## [WHAT THE TASK ASKS]
Could you return all of the records exactly, minus their images?
--- START ---
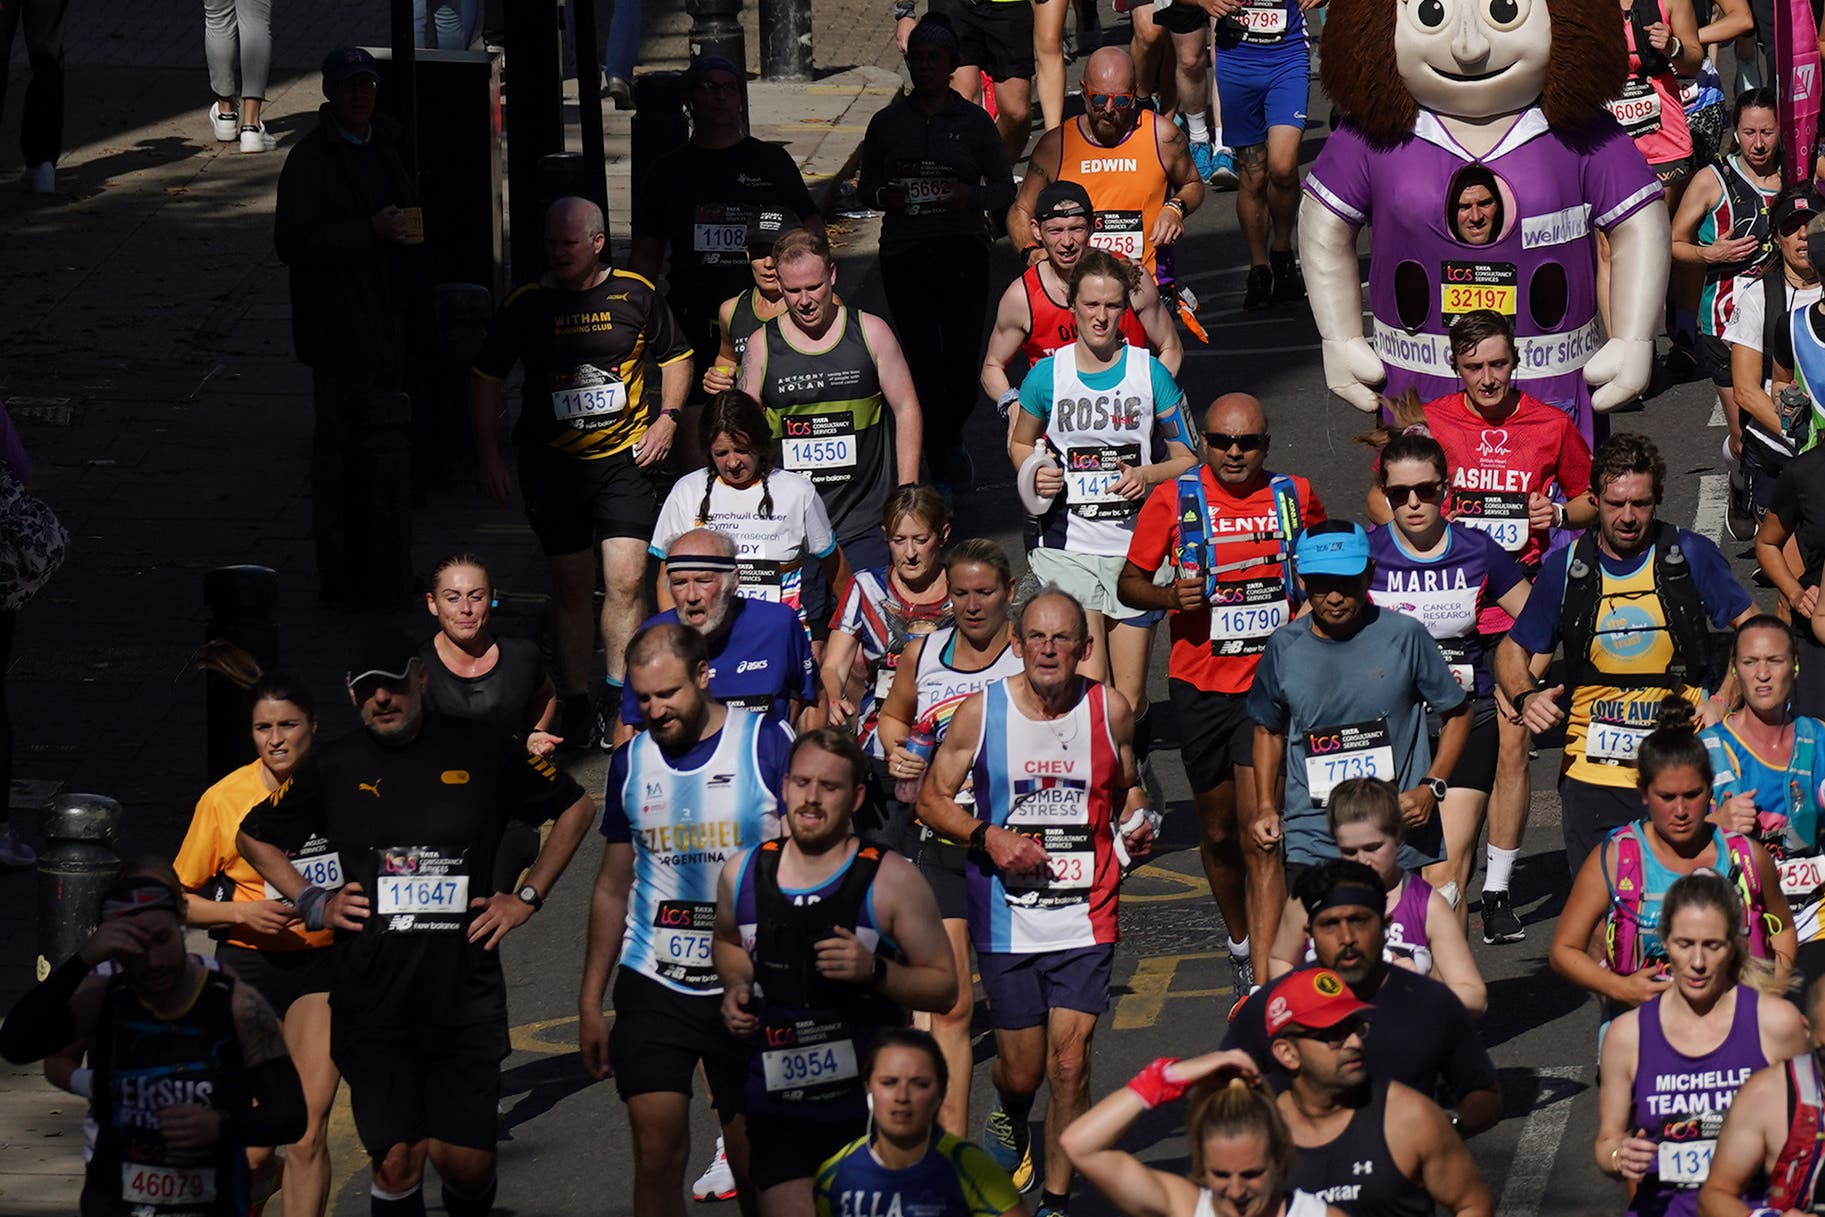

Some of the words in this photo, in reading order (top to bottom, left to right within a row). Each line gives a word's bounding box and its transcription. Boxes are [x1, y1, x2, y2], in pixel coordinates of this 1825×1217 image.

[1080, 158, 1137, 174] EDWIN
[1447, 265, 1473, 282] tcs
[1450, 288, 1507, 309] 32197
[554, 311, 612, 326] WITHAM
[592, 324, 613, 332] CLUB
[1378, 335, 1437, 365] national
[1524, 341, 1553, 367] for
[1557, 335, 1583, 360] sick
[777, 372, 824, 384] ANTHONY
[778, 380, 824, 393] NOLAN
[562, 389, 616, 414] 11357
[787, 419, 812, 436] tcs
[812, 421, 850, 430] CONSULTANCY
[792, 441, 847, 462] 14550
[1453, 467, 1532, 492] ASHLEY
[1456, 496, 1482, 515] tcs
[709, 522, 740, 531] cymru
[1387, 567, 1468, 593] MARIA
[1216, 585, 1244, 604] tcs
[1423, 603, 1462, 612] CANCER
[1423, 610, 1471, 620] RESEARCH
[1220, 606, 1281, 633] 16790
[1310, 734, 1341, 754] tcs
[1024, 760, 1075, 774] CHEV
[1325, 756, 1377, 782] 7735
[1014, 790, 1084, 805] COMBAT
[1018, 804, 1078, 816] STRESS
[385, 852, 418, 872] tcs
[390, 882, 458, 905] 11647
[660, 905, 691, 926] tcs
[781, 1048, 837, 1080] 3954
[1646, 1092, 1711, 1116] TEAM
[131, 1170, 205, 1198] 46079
--- END ---
## [TASK ANSWER]
Some of the words in this photo, in reading order (top to bottom, left to right within a row). Each line gives a word's bounding box and its transcription. Boxes are [x1, y1, x2, y2], in pixel coordinates of this 1825×1217 image.

[1080, 158, 1137, 174] EDWIN
[1447, 265, 1473, 282] tcs
[1450, 288, 1507, 309] 32197
[554, 311, 612, 326] WITHAM
[592, 324, 613, 332] CLUB
[1378, 335, 1437, 365] national
[1524, 341, 1553, 367] for
[1557, 335, 1583, 360] sick
[777, 372, 824, 384] ANTHONY
[778, 380, 824, 393] NOLAN
[562, 389, 616, 414] 11357
[787, 419, 812, 436] tcs
[812, 421, 850, 430] CONSULTANCY
[792, 441, 847, 462] 14550
[1453, 467, 1532, 492] ASHLEY
[1456, 496, 1482, 515] tcs
[709, 522, 740, 531] cymru
[1387, 567, 1468, 593] MARIA
[1216, 585, 1244, 604] tcs
[1423, 603, 1462, 612] CANCER
[1423, 610, 1471, 620] RESEARCH
[1220, 606, 1281, 633] 16790
[1310, 734, 1341, 754] tcs
[1024, 760, 1075, 774] CHEV
[1325, 756, 1377, 782] 7735
[1014, 790, 1084, 805] COMBAT
[1018, 804, 1078, 816] STRESS
[385, 852, 418, 872] tcs
[390, 882, 458, 905] 11647
[660, 905, 691, 926] tcs
[781, 1048, 837, 1080] 3954
[1646, 1092, 1711, 1116] TEAM
[131, 1170, 205, 1198] 46079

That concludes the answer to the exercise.